[WHAT THE EXERCISE ASKS] Leave out the images and output the records word for word.

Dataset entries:
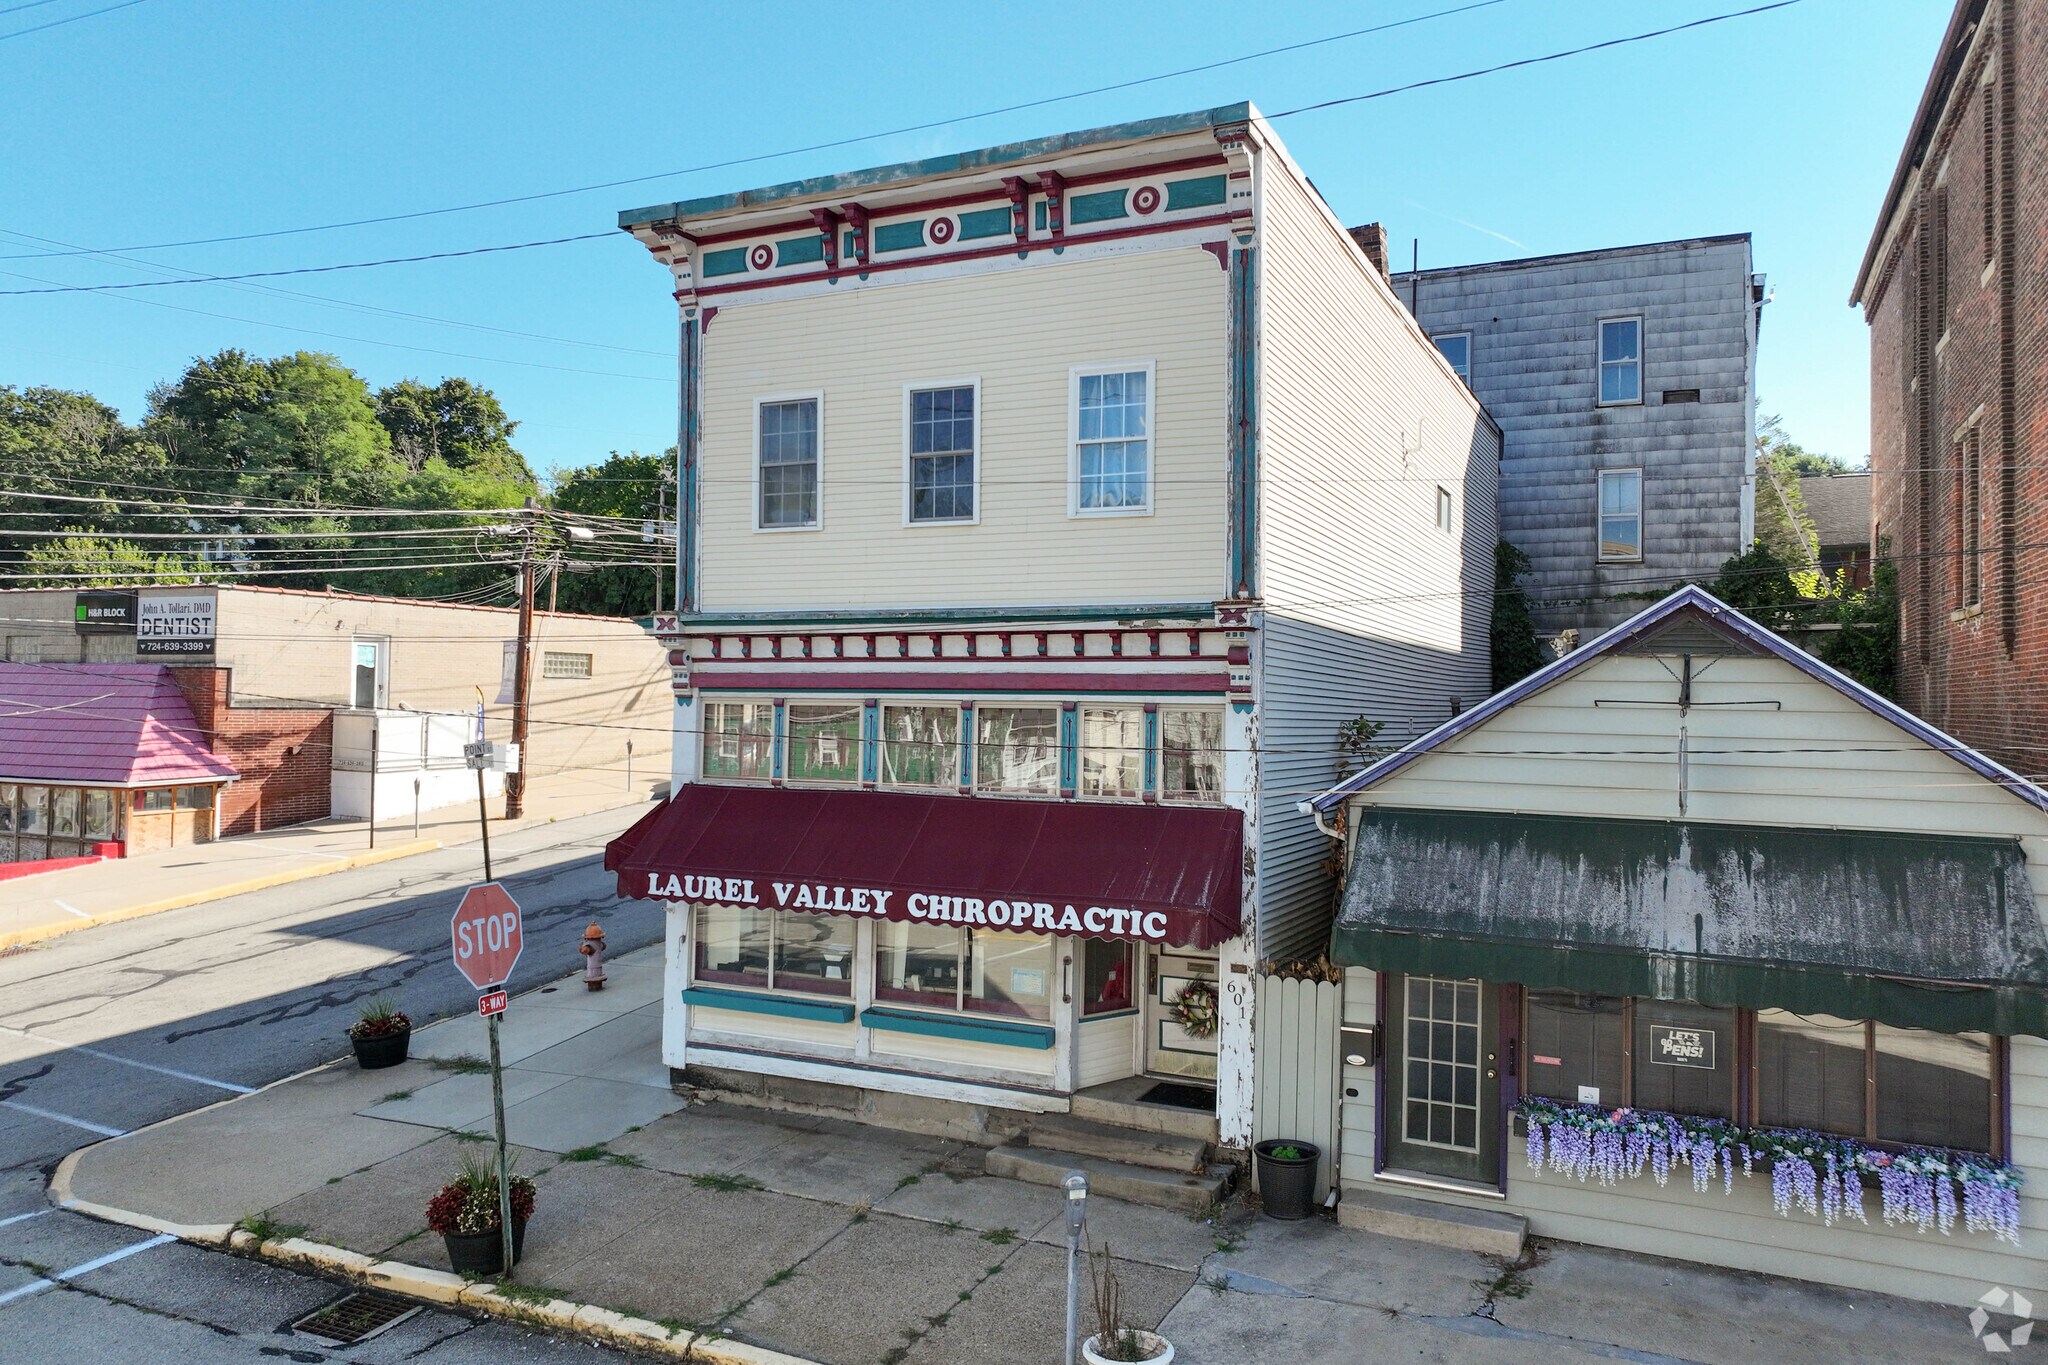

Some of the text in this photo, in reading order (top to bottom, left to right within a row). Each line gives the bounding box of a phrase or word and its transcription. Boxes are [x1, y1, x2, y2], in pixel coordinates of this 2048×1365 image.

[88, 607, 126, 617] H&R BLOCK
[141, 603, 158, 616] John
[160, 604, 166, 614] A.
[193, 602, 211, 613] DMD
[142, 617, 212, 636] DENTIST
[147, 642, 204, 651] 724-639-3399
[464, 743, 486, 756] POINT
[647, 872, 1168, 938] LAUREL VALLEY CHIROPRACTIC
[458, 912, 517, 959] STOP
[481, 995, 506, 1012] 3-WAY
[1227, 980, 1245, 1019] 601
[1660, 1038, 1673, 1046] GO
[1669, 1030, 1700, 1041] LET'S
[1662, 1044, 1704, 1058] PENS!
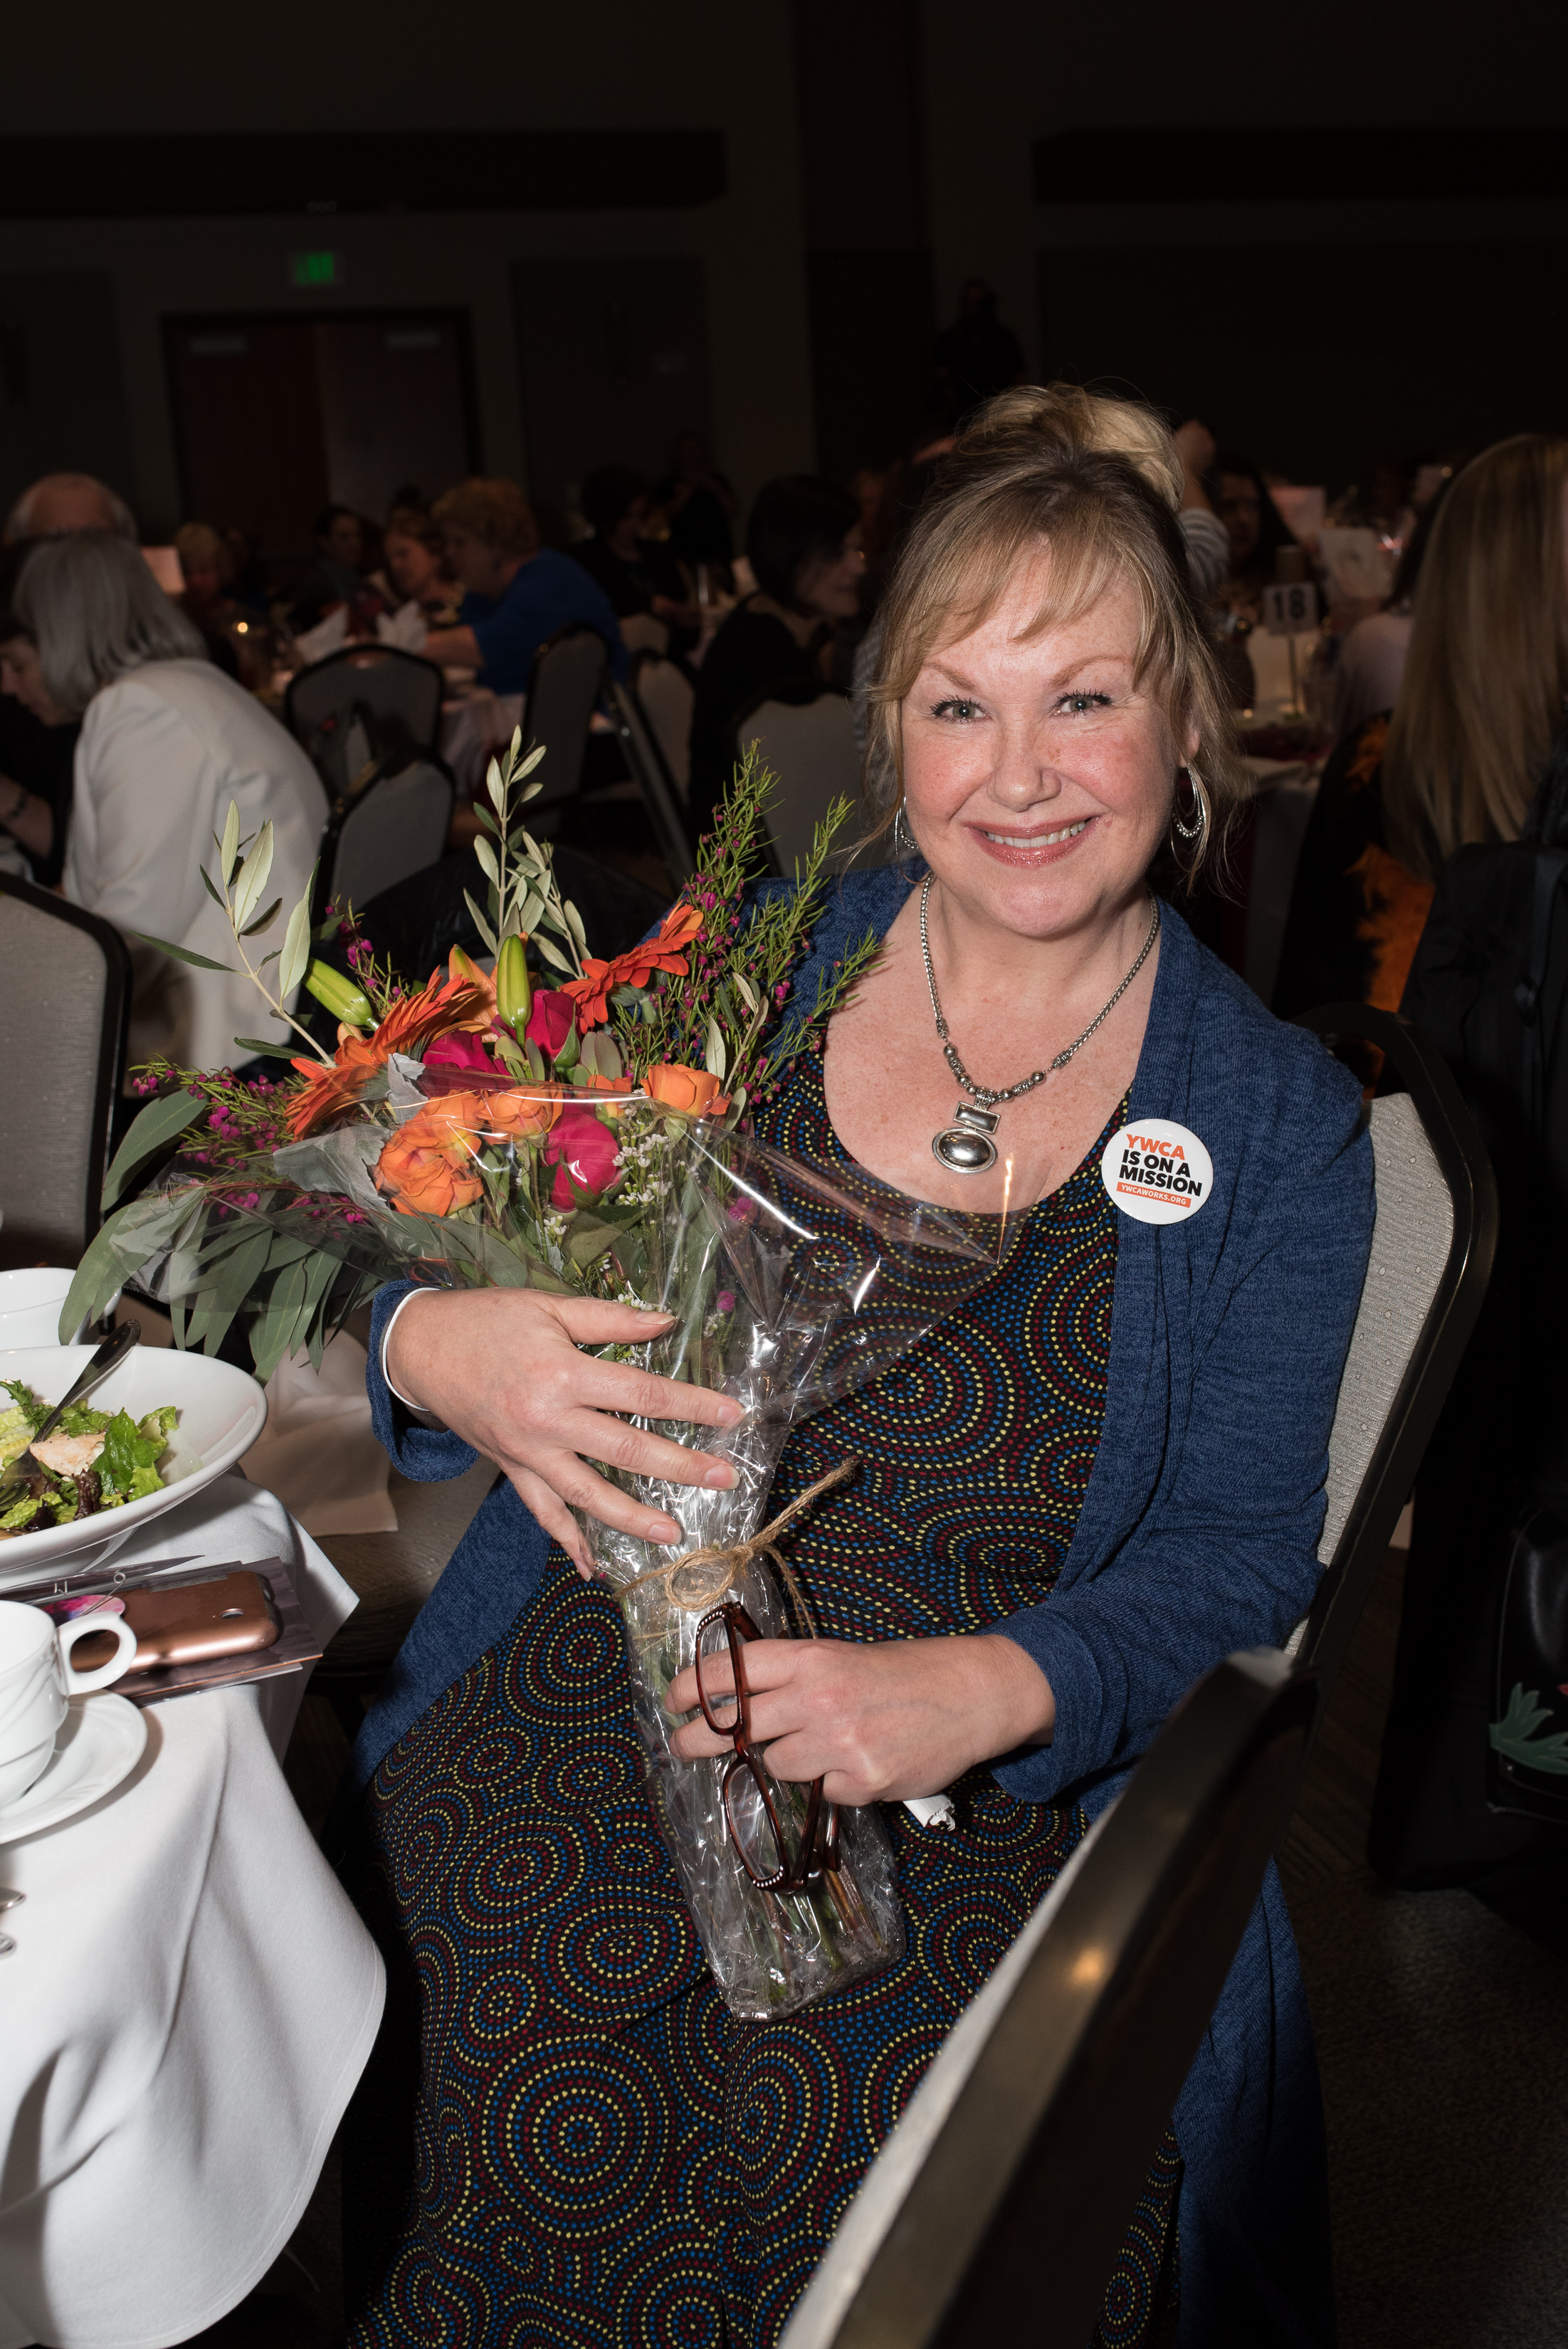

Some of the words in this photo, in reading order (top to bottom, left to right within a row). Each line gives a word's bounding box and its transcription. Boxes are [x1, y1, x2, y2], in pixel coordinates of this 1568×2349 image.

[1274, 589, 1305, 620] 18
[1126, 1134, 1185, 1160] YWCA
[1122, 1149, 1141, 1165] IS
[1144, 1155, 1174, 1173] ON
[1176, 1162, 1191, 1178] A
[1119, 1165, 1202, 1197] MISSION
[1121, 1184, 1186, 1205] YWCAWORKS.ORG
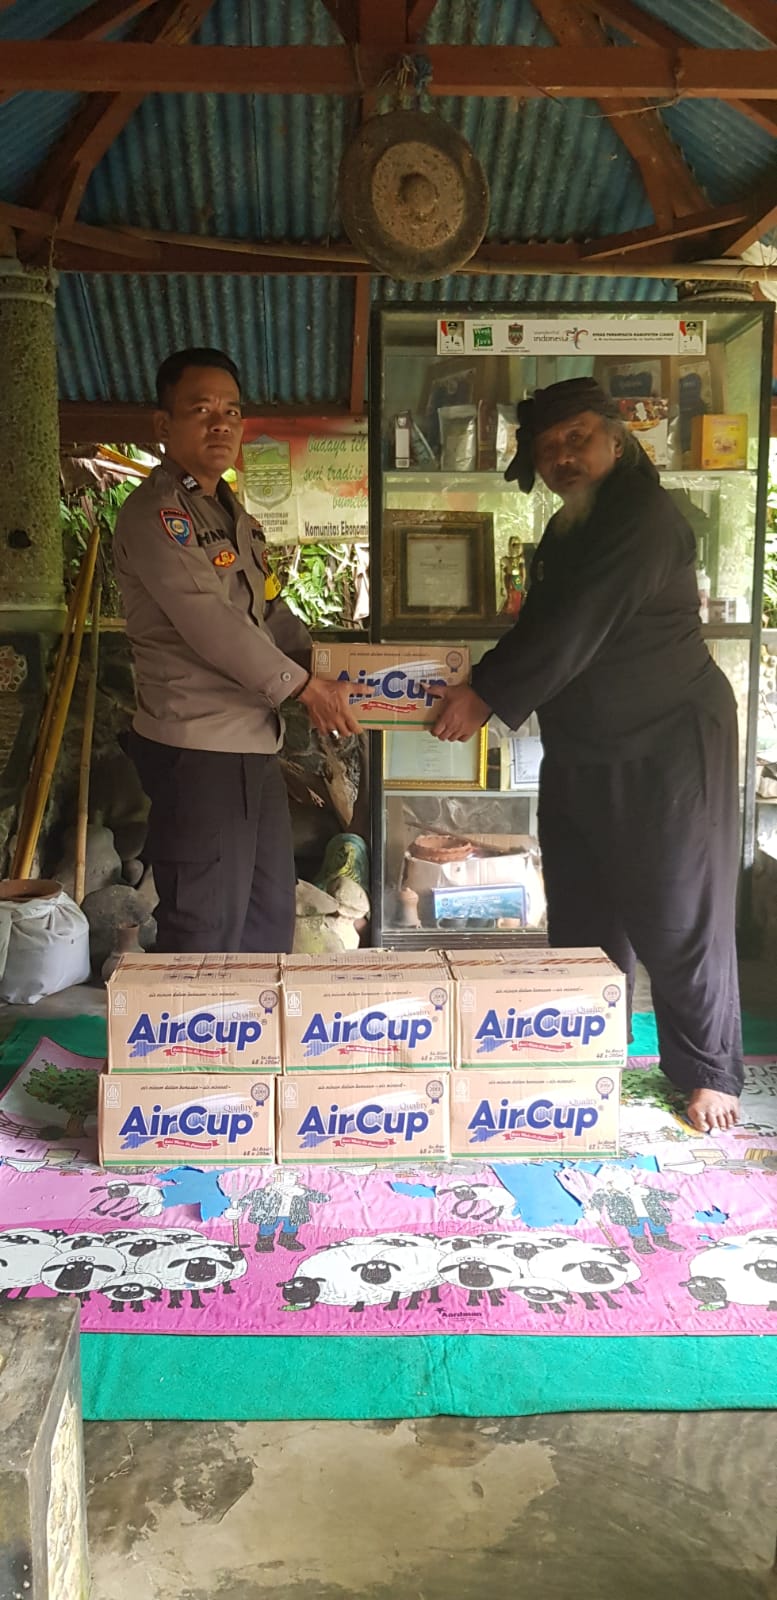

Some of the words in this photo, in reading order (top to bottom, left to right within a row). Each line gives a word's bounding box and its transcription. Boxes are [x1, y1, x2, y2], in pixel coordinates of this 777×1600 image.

[TASK RESULT]
Some of the text in this photo, in reading order (top to bottom, left to right within a row). Each line gives the bounding box of a phrase or word and its transcription. Boxes are [x1, y1, x2, y2], in pixel coordinates of this 2048×1365 image.

[88, 607, 126, 617] H&R BLOCK
[141, 603, 158, 616] John
[160, 604, 166, 614] A.
[193, 602, 211, 613] DMD
[142, 617, 212, 636] DENTIST
[147, 642, 204, 651] 724-639-3399
[464, 743, 486, 756] POINT
[647, 872, 1168, 938] LAUREL VALLEY CHIROPRACTIC
[458, 912, 517, 959] STOP
[481, 995, 506, 1012] 3-WAY
[1227, 980, 1245, 1019] 601
[1660, 1038, 1673, 1046] GO
[1669, 1030, 1700, 1041] LET'S
[1662, 1044, 1704, 1058] PENS!

Some of the words in this photo, in reading order (top to bottom, left to right within a row). Each line gives a word's bounding box and its transcription. Boxes are [x1, y1, x2, y2], in pixel coordinates of this 1568×2349 image.

[1274, 589, 1305, 620] 18
[1126, 1134, 1185, 1160] YWCA
[1122, 1149, 1141, 1165] IS
[1144, 1155, 1174, 1173] ON
[1176, 1162, 1191, 1178] A
[1119, 1165, 1202, 1197] MISSION
[1121, 1184, 1186, 1205] YWCAWORKS.ORG

Some of the words in this photo, in reading order (top to bottom, left to right within a row). Each line gives a word's bounding box and its transcription. Boxes are [x1, y1, x2, y2], in pixel coordinates of this 777×1600 image.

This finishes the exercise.